Ora, queste critiche lasciano il tempo che trovano, perché è ovvio che nel cinema si forza un po’ la mano sulle storie per conferirgli il più alto grado di coinvolgimento possibile. Però viene da chiedersi, come capita da queste parti, quanto sia sano riattingere a fenomeni culturali del passato facendone dei veri e propri “remake nelle intenzioni” e non una fonte di ispirazione. Per intenderci, anche se i film dell’epoca avevano gli stessi vizi che alle volte sconfinavano un po’ in un trash ante litteram (ne cito un paio per dare l’idea: Grosso guaio a Chinatown e Highlander), vederli oggi è comunque un’esperienza piacevole perché si può respirare davvero l’atmosfera di quei tempi visto che, giocoforza, ne erano il frutto diretto. Tra l’altro, i film che ho citato a me sono piaciuti un sacco pur trasudando di tutta quell’ingenuità magica che solo quel decennio sapeva offrire.

Insomma, mettendola un po’ terra terra, verrebbe da chiedersi perché preferire la copia all’originale. O meglio, perché la storia di Stranger Things non poteva essere ambientata ai giorni nostri? Che valore aggiunto le conferisce l’essere ambientata negli anni ’80? Ovvio che si tratta di tutte domande retoriche, che però celano quella sensazione di non riuscire a schiodarsi da un passato che assume delle connotazioni positive per definizione. D’altronde la tranquillità che offre la nostalgia è il miglior rimedio ad un presente un po’ troppo movimentato.

È finito il mondo e non ce ne siamo accorti?

Ho appena finito di vedere il mini-documentario “Trainwreck: Woodstock ’99” su Netflix. Passando sopra a quell’approccio fastidioso che hanno gli americani nel girare documentari – lo paragono all’abitudine che hanno di mettere sull’insalata un sacco di cose oltre all’olio, il sale e l’aceto: il voler sovraccaricare qualcosa che li annoia per la sua intrinseca semplicità -, lo consiglio davvero per i filmati di repertorio. In pratica, nei tre episodi si parla di come andò l’edizione di Woodstock a trent’anni da quel Woodstock, l’originale. E andò parecchio male.
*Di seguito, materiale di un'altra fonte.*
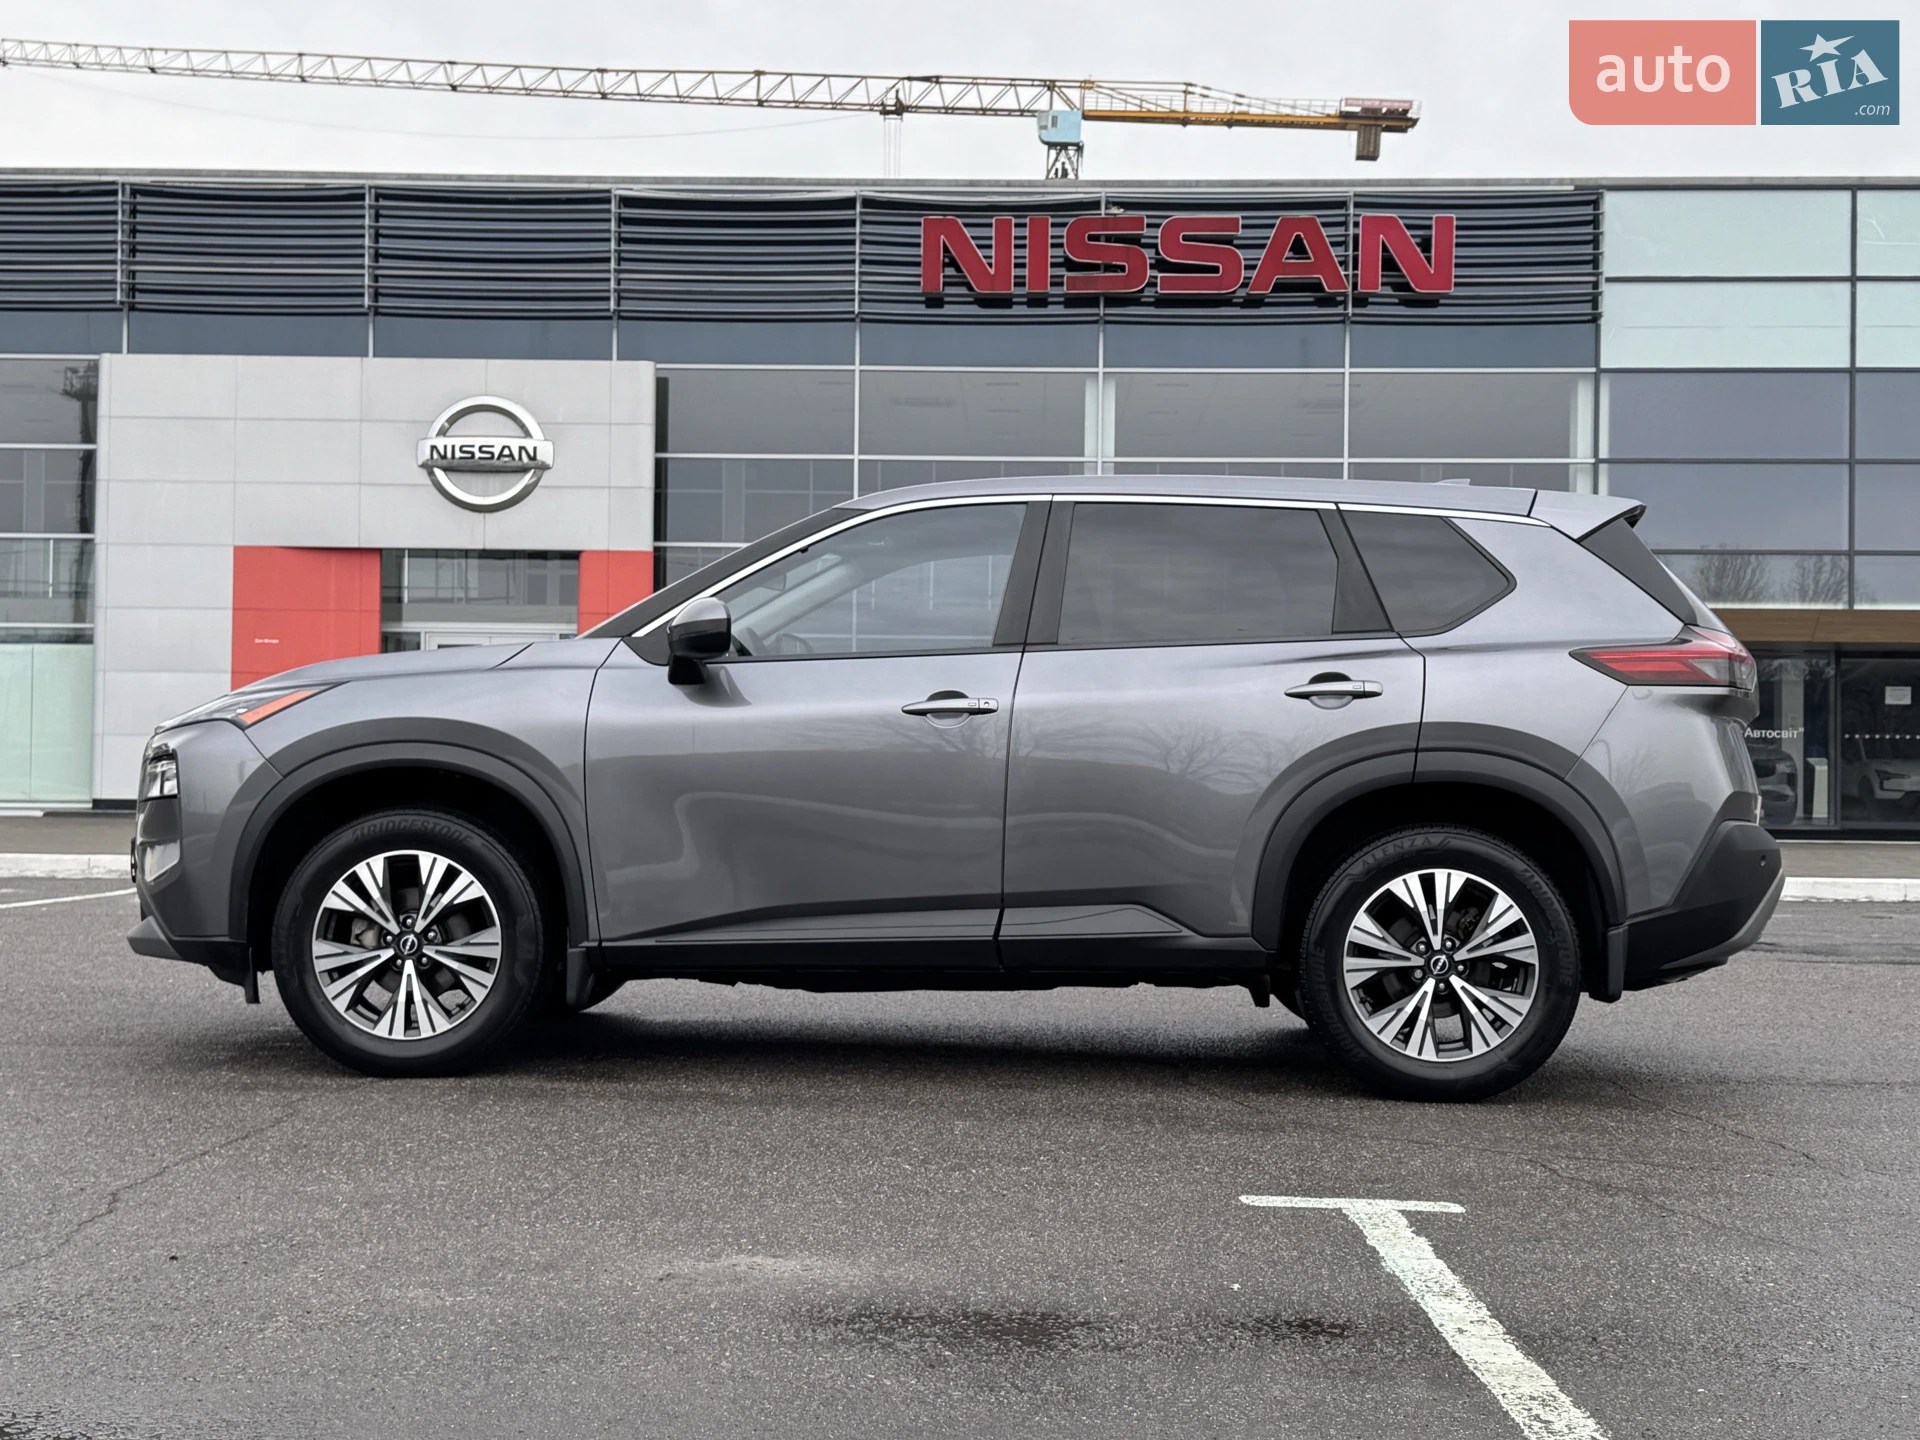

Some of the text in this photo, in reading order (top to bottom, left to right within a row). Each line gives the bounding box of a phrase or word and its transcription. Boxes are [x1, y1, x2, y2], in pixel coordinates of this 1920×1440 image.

In qualche modo fu la fine di un’epoca. Era pur sempre la fine del millennio e com’è naturale che fosse – o che si sarebbe rivelato essere – tante cose stavano per finire. In quell’ambito lì, di Woodstock, a finire era la musica, avrebbero detto alcuni, o l’idea di comunitarismo degli anni ’60, quando si credeva (e forse ci si riuscì, seppur per poco) che si era diventati, come individui, abbastanza saggi da autogestirsi senza il bisogno che lo imponesse l’autorità. D’altronde, Woodstock del 1999 fu anch’esso una manifestazione di anarchia ma di segno opposto. Non fu l’emancipazione dall’autorità ma la primitiva voglia di annientarla. E non essendo questa violenza sostenuta da un ideale finì con lo sfogarsi sugli stessi partecipanti, con conseguenze indicibili.

Facendo uno dei soliti voli pindarici che mi capita fare in questo blog – insomma, la parte per il tutto -, questo documentario mi ha fatto riflettere su come il nostro declino – nostro di chi? dell’occidente, del mondo? il mondo è occidente? – sia stato lento ma inevitabile. Mi viene in mente la storia della rana messa a bollire nella pentola: il fuoco era così basso che era difficile accorgersi quanto scottava. Quello che sta succedendo da due anni a questa parte, dalla pandemia, alla guerra in Ucraina, alla possibile – ma speriamo di no – Terza guerra mondiale tra Usa e Cina, a Chiellini che ferma la palla con le mani, sembra proprio la fine dei tempi. Ecco, non la fine del mondo, che tutti ci immaginiamo col meteorite o con la bomba. Ma proprio la fine dei nostri tempi. Di quello che siamo abituati a fare e a pensare in un certo modo.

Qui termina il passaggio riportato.